Records from a dataset

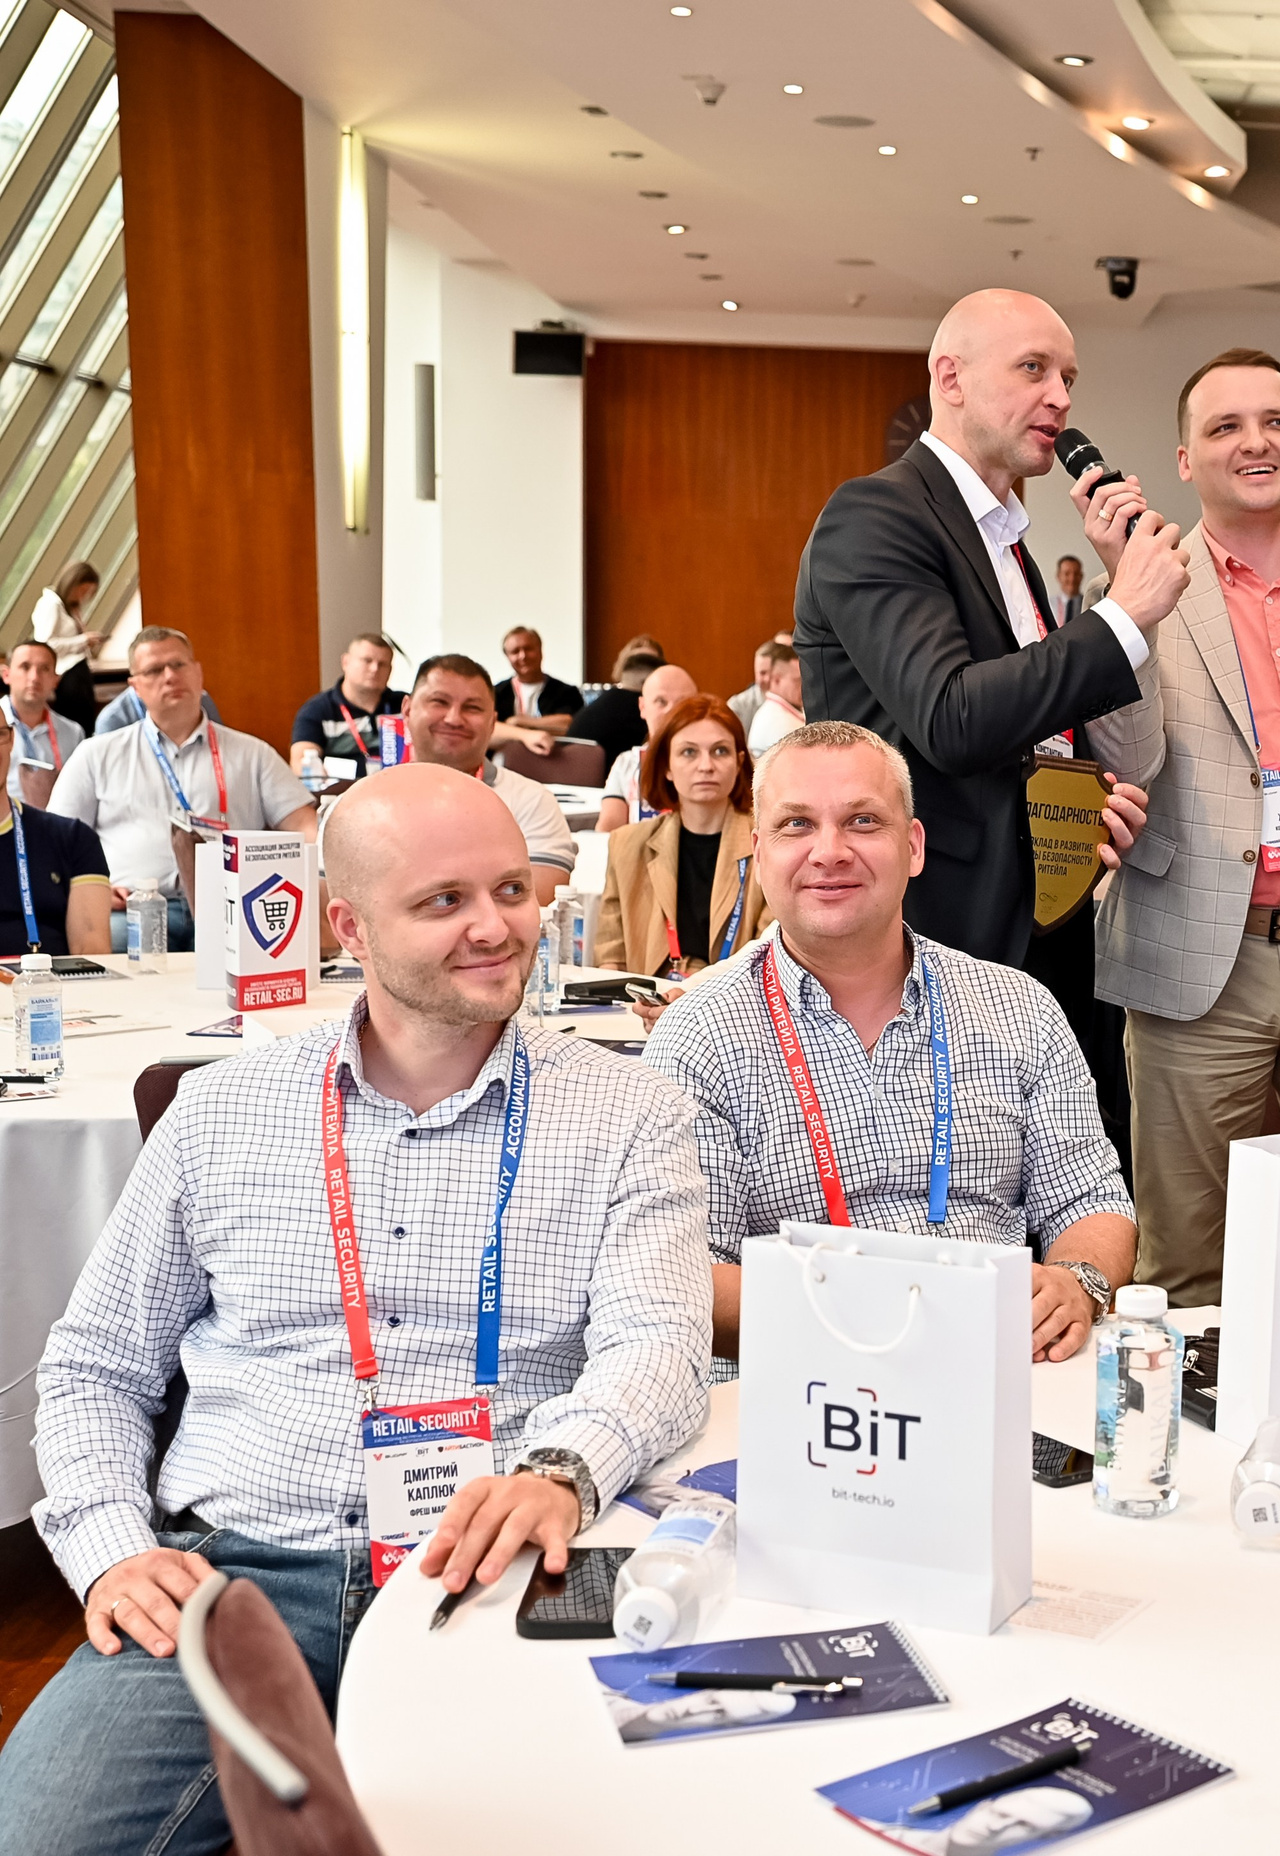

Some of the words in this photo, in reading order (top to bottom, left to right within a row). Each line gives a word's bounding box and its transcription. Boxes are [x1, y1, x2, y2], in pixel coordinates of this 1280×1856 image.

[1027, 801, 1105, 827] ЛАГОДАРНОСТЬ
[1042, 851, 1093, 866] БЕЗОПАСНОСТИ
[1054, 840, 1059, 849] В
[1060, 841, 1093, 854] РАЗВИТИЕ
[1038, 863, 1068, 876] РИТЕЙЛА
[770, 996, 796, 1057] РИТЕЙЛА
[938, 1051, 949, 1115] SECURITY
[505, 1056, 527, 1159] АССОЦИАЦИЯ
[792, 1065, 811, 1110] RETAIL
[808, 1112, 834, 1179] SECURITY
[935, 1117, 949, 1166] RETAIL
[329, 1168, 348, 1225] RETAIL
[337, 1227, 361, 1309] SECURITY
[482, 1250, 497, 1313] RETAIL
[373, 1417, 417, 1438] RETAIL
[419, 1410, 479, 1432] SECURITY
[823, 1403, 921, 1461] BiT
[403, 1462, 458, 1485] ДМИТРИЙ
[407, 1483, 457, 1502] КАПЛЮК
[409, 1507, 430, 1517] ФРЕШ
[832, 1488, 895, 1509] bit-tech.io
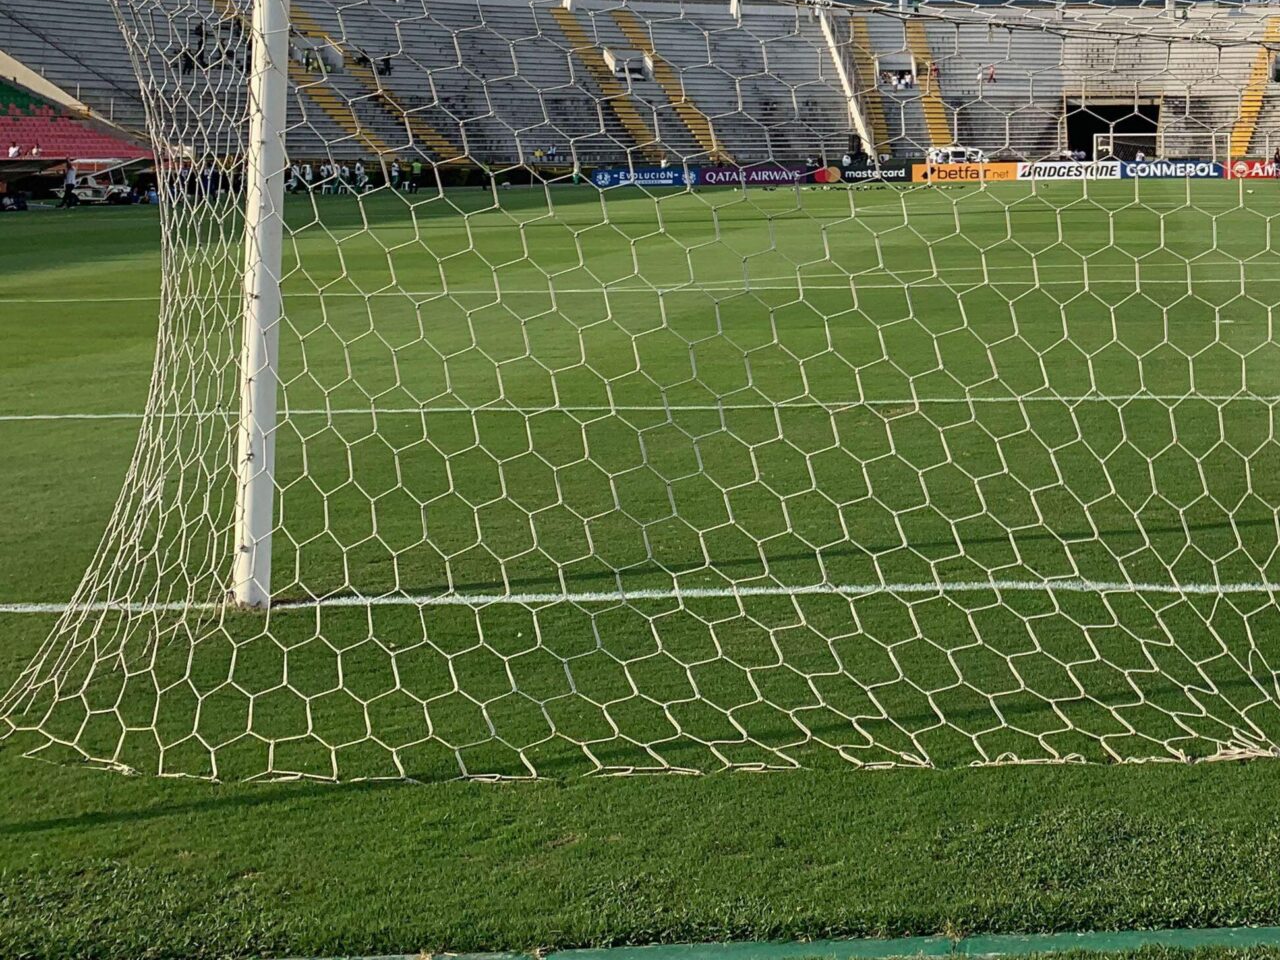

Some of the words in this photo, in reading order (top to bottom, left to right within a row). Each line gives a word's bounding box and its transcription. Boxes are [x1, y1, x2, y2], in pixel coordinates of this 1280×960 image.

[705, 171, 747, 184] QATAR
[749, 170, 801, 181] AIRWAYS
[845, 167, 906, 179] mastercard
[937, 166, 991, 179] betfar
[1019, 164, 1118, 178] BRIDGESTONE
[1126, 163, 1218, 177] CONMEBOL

WORK TO COMPLETE: Output the records exactly, pictures excluded.

RESPONSE FOR THIS EXERCISE:
Some of the words in this photo, in reading order (top to bottom, left to right within a row). Each line gives a word's bounding box and its transcription. Boxes are [x1, y1, x2, y2], in pixel coordinates of this 1280×1856 image.

[1027, 801, 1105, 827] ЛАГОДАРНОСТЬ
[1042, 851, 1093, 866] БЕЗОПАСНОСТИ
[1054, 840, 1059, 849] В
[1060, 841, 1093, 854] РАЗВИТИЕ
[1038, 863, 1068, 876] РИТЕЙЛА
[770, 996, 796, 1057] РИТЕЙЛА
[938, 1051, 949, 1115] SECURITY
[505, 1056, 527, 1159] АССОЦИАЦИЯ
[792, 1065, 811, 1110] RETAIL
[808, 1112, 834, 1179] SECURITY
[935, 1117, 949, 1166] RETAIL
[329, 1168, 348, 1225] RETAIL
[337, 1227, 361, 1309] SECURITY
[482, 1250, 497, 1313] RETAIL
[373, 1417, 417, 1438] RETAIL
[419, 1410, 479, 1432] SECURITY
[823, 1403, 921, 1461] BiT
[403, 1462, 458, 1485] ДМИТРИЙ
[407, 1483, 457, 1502] КАПЛЮК
[409, 1507, 430, 1517] ФРЕШ
[832, 1488, 895, 1509] bit-tech.io

Some of the words in this photo, in reading order (top to bottom, left to right within a row). Each line gives a word's bounding box and its transcription. Boxes are [x1, y1, x2, y2], in pixel coordinates of this 1280×960 image.

[705, 171, 747, 184] QATAR
[749, 170, 801, 181] AIRWAYS
[845, 167, 906, 179] mastercard
[937, 166, 991, 179] betfar
[1019, 164, 1118, 178] BRIDGESTONE
[1126, 163, 1218, 177] CONMEBOL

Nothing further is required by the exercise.